A Basic Bible Study Plan

    April 26, 2020 | Spiritual Disciplines | Word by Jason Hall

    The following is an excerpt from Richland Creek's booklet Equipping Bible Study:

    Study One Book at a Time

    The writers of the Bible, under the inspiration of the Holy Spirit, wrote 66 entire books that we have now as the complete canon of Scripture. We should generally study each book as a whole before moving on to others. It is possible to study more than one thing at a time, but in that case if we are not careful, we risk losing the context of what we have studied. You can start by following along with our current Life Group study in Romans.

    What Do I Do First?

    Once you have chosen a book to study, remember to move through it slowly. Bible study is not a sprint, it’s a marathon. Sometimes our goal turns into getting a certain amount finished, when our goal should be understanding and applying what we have read.

    In choosing what to study in a given day or week, concentrate on the paragraphs or, if you prefer, the headings in your Bible. That way you have enough to study to give you some context, but not so much that you get lost.

    What Do I Do Next?

    After reading carefully over your chosen text a few times, take time to look up any words or phrases you do not know. Many times as we read the Bible, we encounter words and phrases we don’t know. Since the words of Scripture are inspired, we must do the work to study them and understand them. Do not assume you know what a word or phrase means just because you have heard it or read it many times.

    Remember that the most important thing in determining what a word means is context, or the words, phrases and sentences around it. With that said, a Bible dictinoary and a study Bible are very helpful tools to help understand words or concepts we are unfamiliar with, especially for those just beginning in Bible study.

    After I Understand the Words, What is the Next Step?

    Once you feel comfortable with what the words mean, you should ask additional questions.
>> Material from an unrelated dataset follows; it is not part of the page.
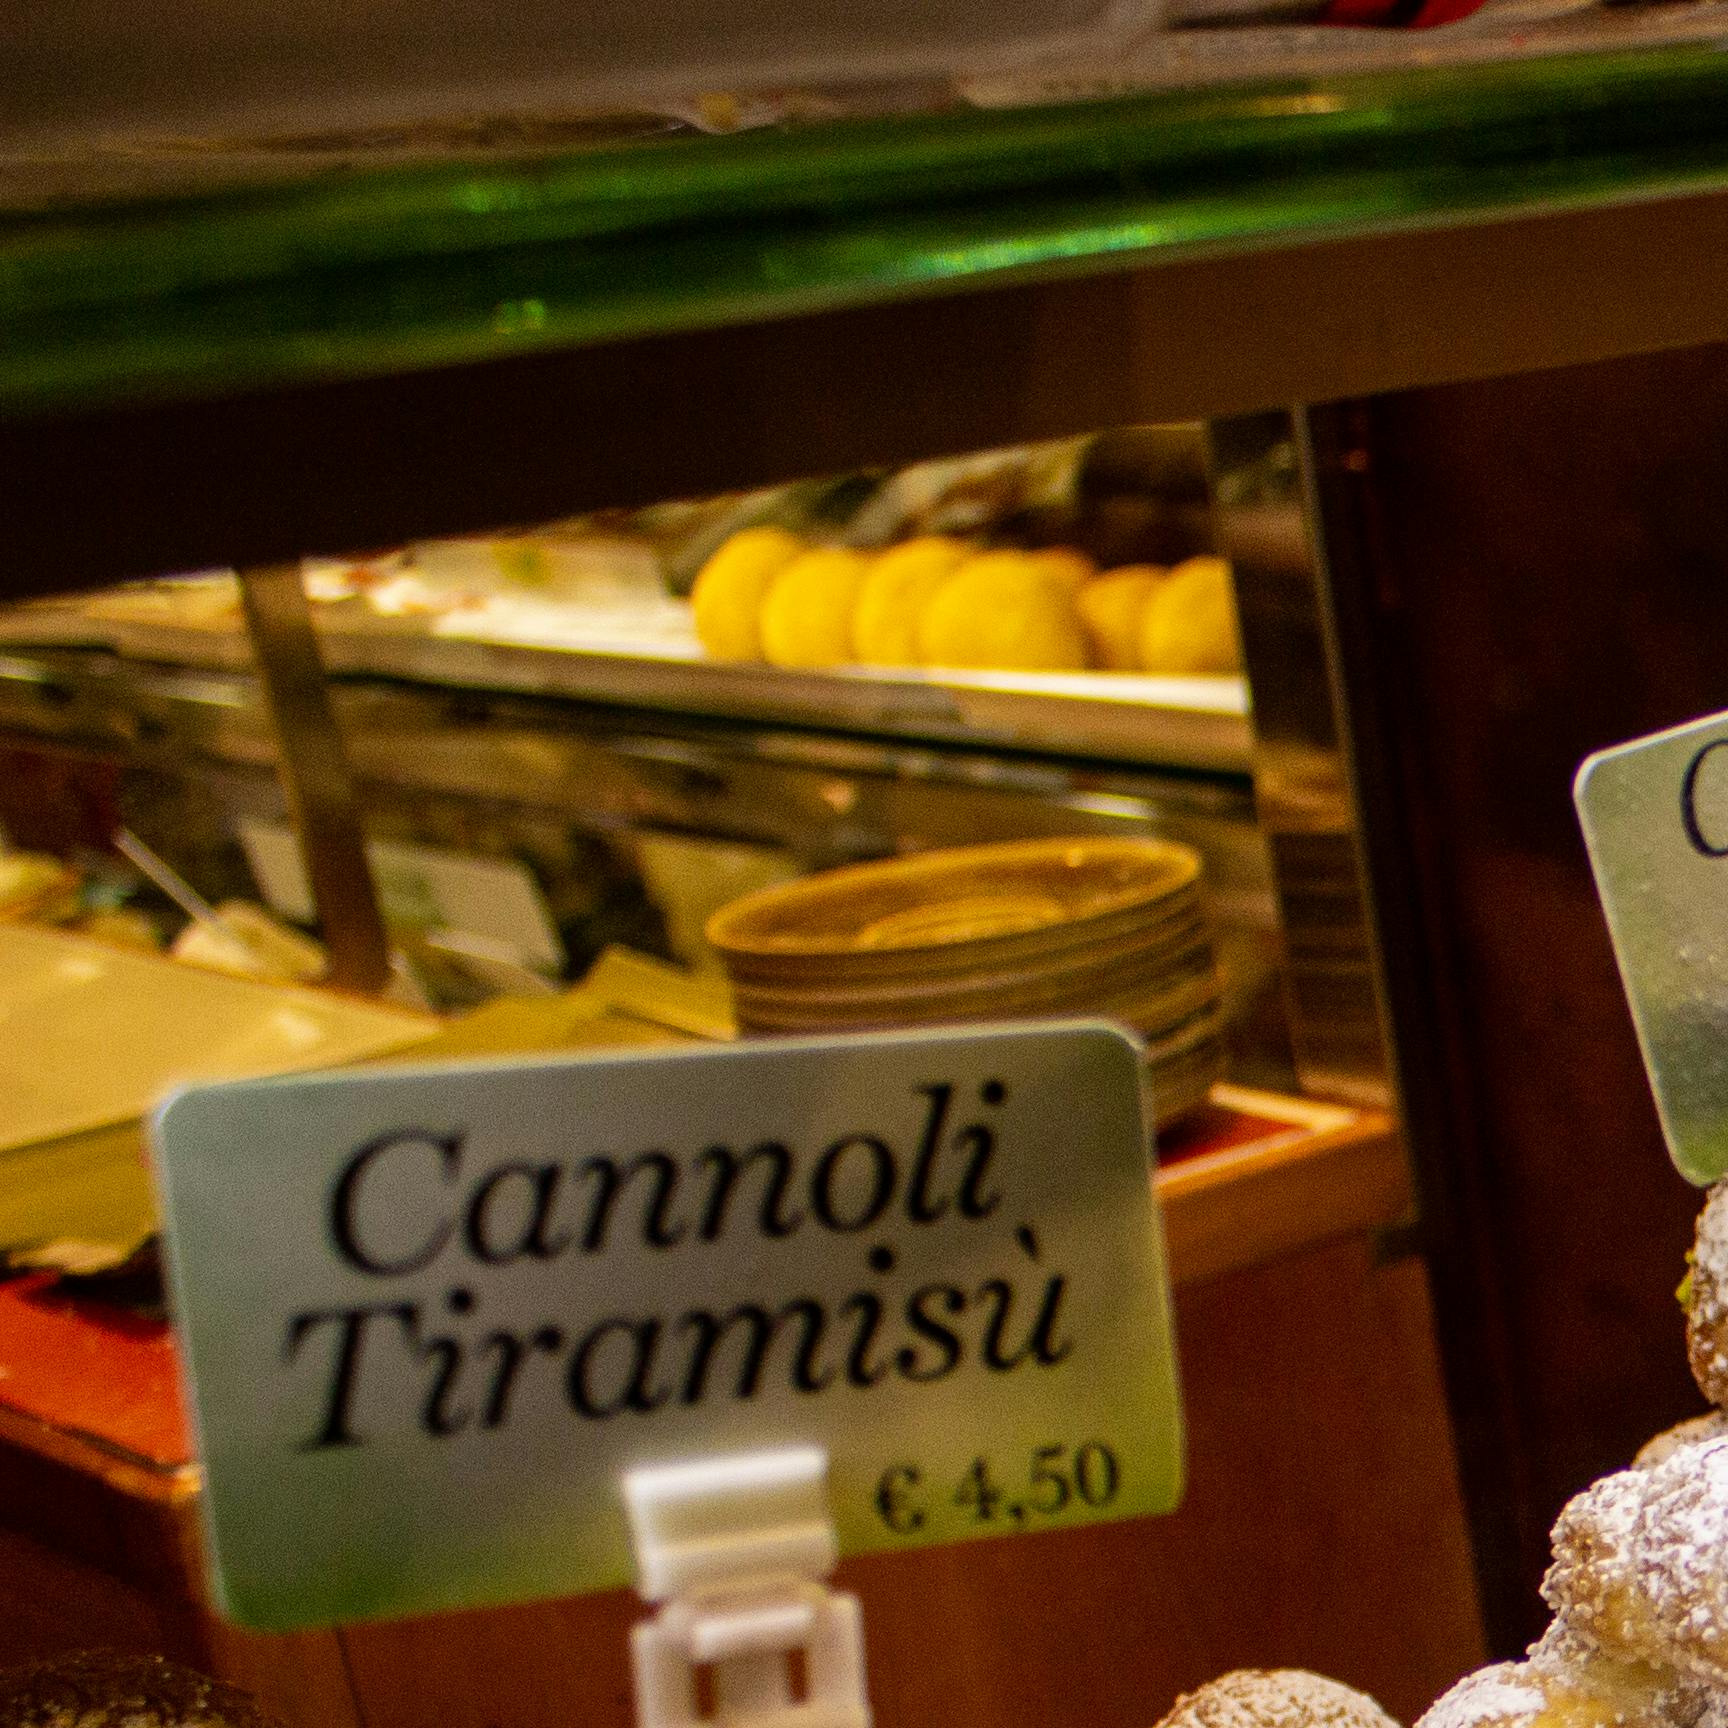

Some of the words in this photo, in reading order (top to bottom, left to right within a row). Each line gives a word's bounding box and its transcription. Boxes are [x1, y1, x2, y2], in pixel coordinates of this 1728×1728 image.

[327, 1077, 1012, 1279] Cannoli
[285, 1221, 1072, 1453] Tiramisù
[876, 1464, 926, 1534] €
[953, 1439, 1121, 1532] 4,50
Some examples of questions to ask are in the appendix of this study guide, but they generally fall into basic categories: who, what, when, where, why and how?
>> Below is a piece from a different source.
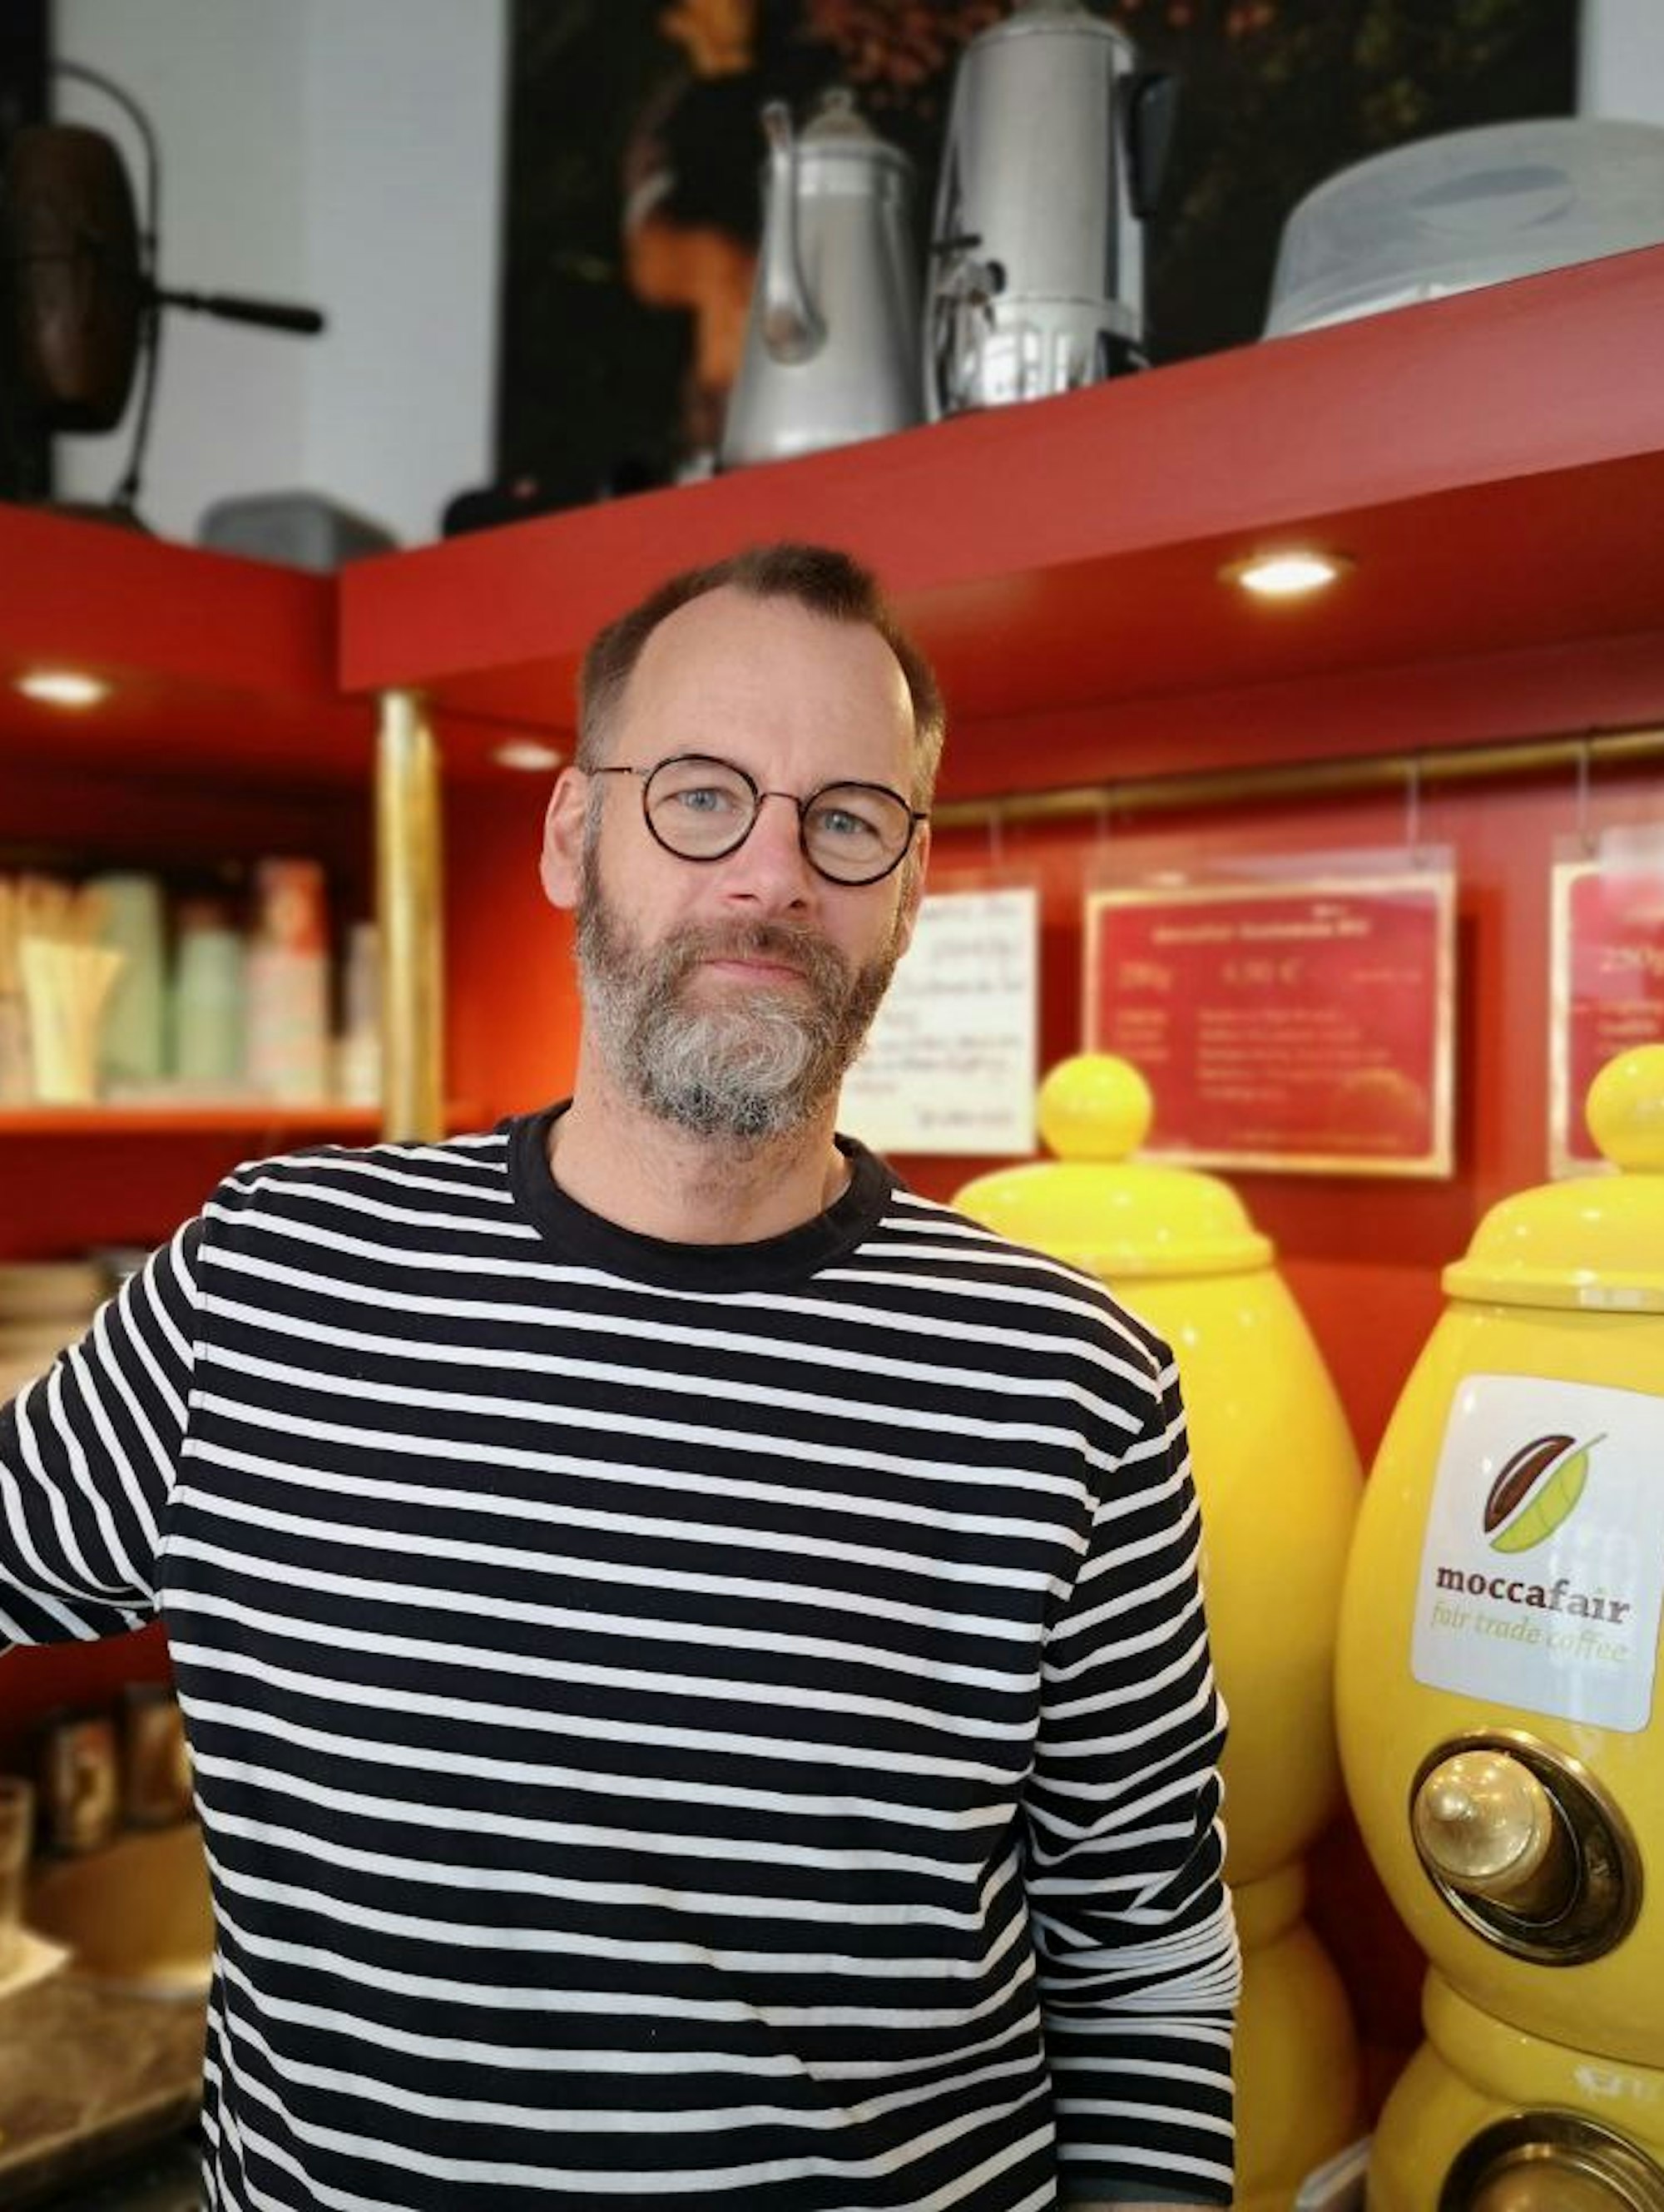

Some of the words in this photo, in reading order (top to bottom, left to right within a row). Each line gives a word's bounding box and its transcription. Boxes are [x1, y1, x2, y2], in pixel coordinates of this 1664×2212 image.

[1435, 1566, 1630, 1624] moccafair
[1430, 1601, 1471, 1630] fair
[1474, 1615, 1543, 1645] trade
[1545, 1628, 1629, 1661] coffee
    And finally, you should take some time to see where key words or concepts used in the text you are studying are mentioned in other parts of the Bible. The Bible speaks as a whole, and nothing is more valuable in understanding one part of the Bible, than other parts of the Bible. To help you in this, make sure your Bible has cross references (those columns in the middle or outside edge of your Bible text that have the small superscript letters). You can also use a concordance or a Bible search engine.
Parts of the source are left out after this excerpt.